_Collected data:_
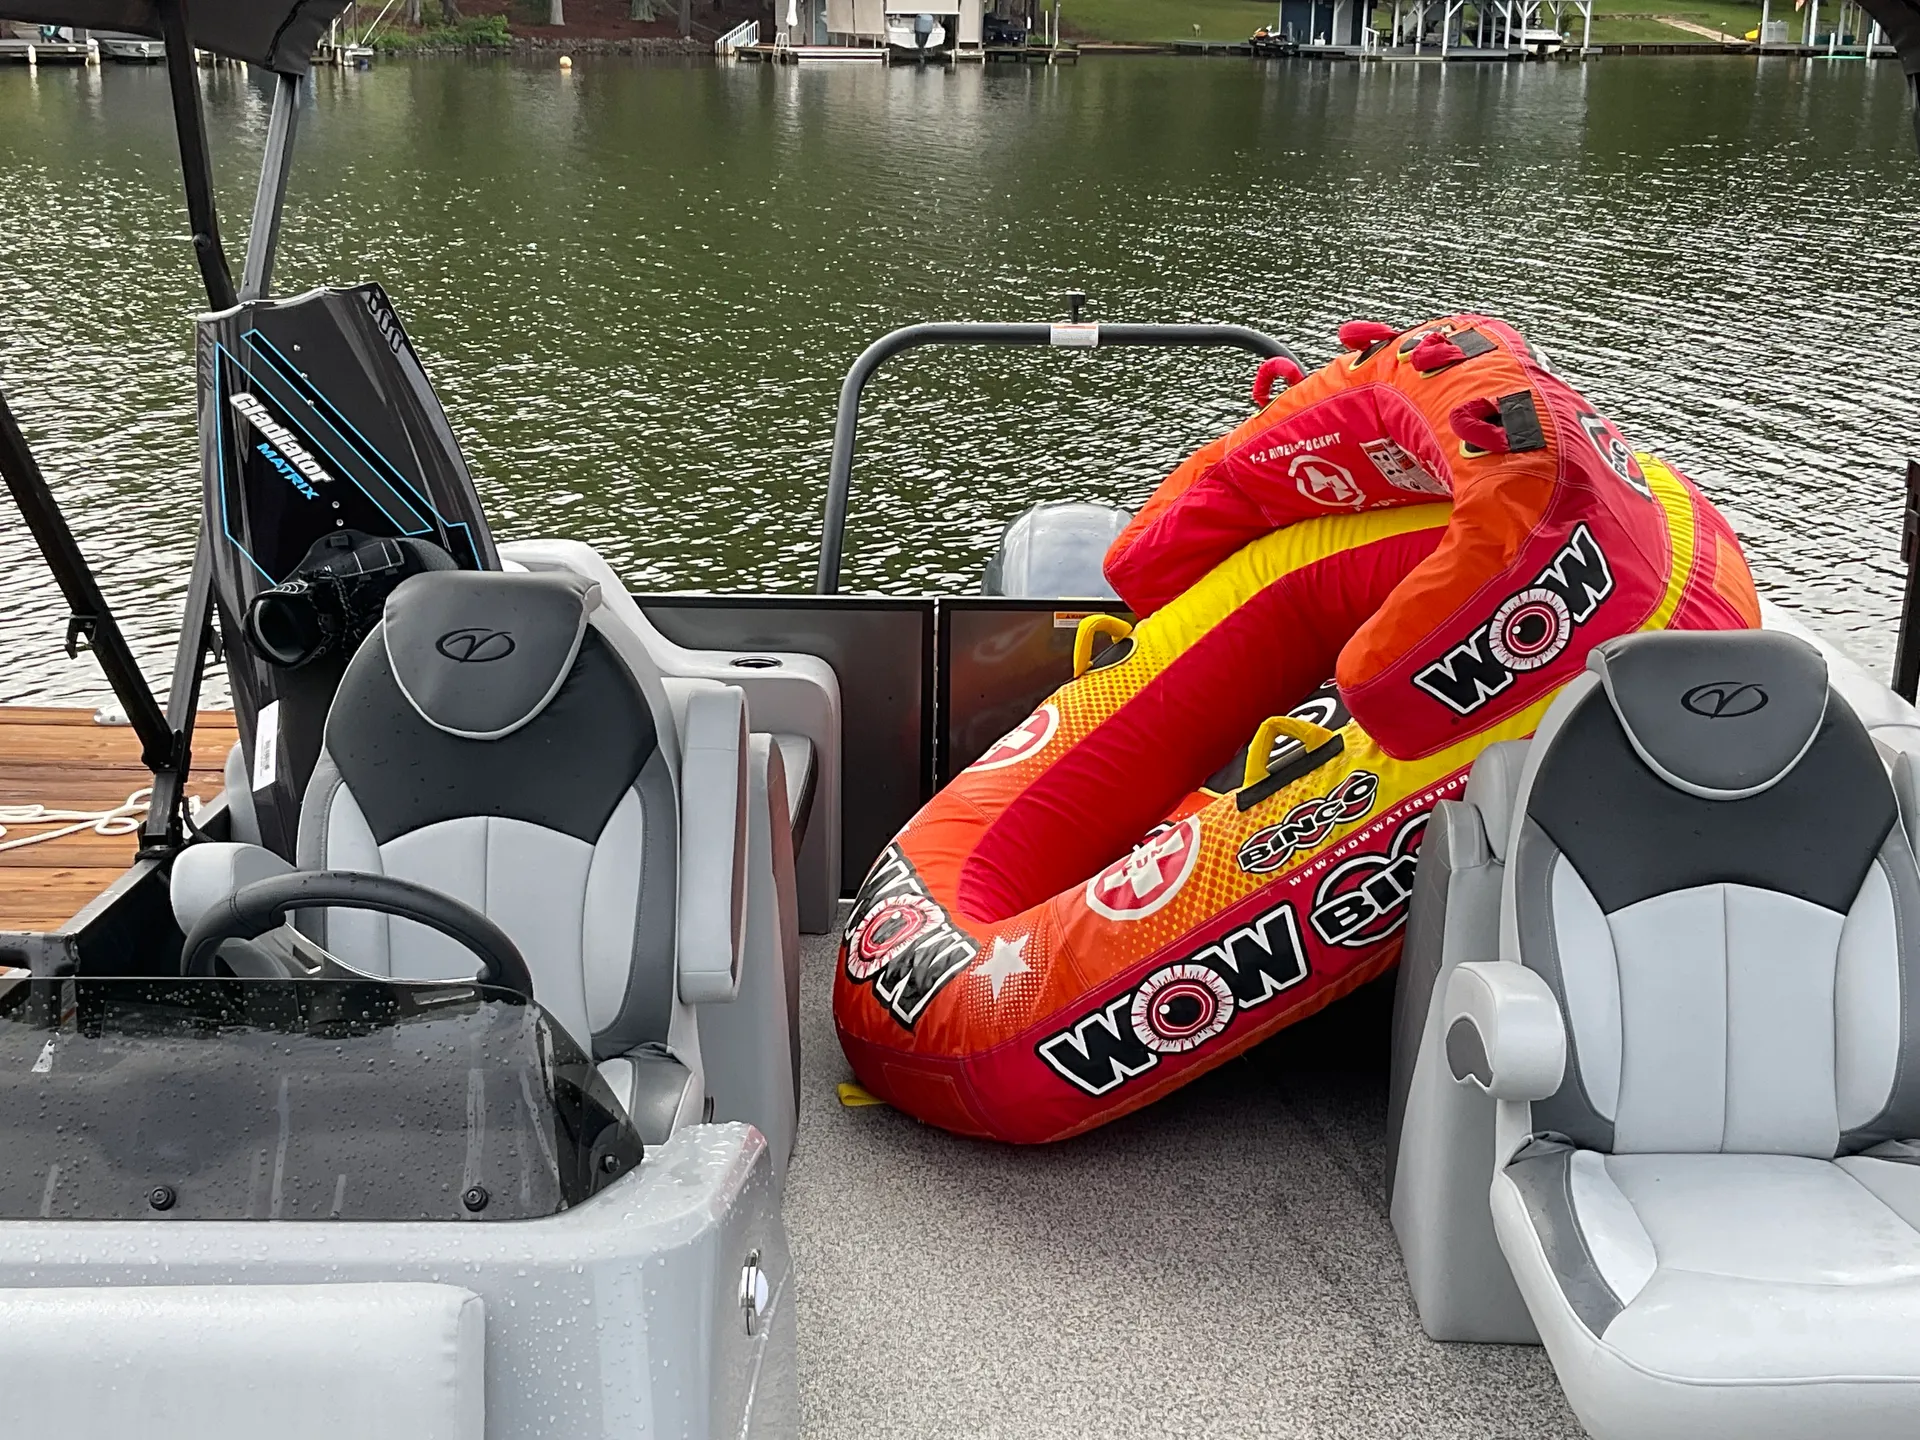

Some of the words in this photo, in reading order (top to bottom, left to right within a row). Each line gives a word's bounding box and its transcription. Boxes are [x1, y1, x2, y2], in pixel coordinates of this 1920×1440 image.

[229, 392, 335, 483] Gladiator
[256, 443, 320, 500] MATRIX
[1410, 521, 1617, 717] WOW
[1238, 769, 1380, 873] BINGO
[844, 842, 979, 1031] WOW
[1035, 901, 1310, 1097] WOW

_HOW TO COMPLETE THIS TASK:_ Your answer must be an exact copy of the records, with no pictures in it.

_EXERCISE RESPONSE:_
Some of the words in this photo, in reading order (top to bottom, left to right within a row). Each line gives a word's bounding box and its transcription. Boxes are [x1, y1, x2, y2], in pixel coordinates of this 1920×1440 image.

[229, 392, 335, 483] Gladiator
[256, 443, 320, 500] MATRIX
[1410, 521, 1617, 717] WOW
[1238, 769, 1380, 873] BINGO
[844, 842, 979, 1031] WOW
[1035, 901, 1310, 1097] WOW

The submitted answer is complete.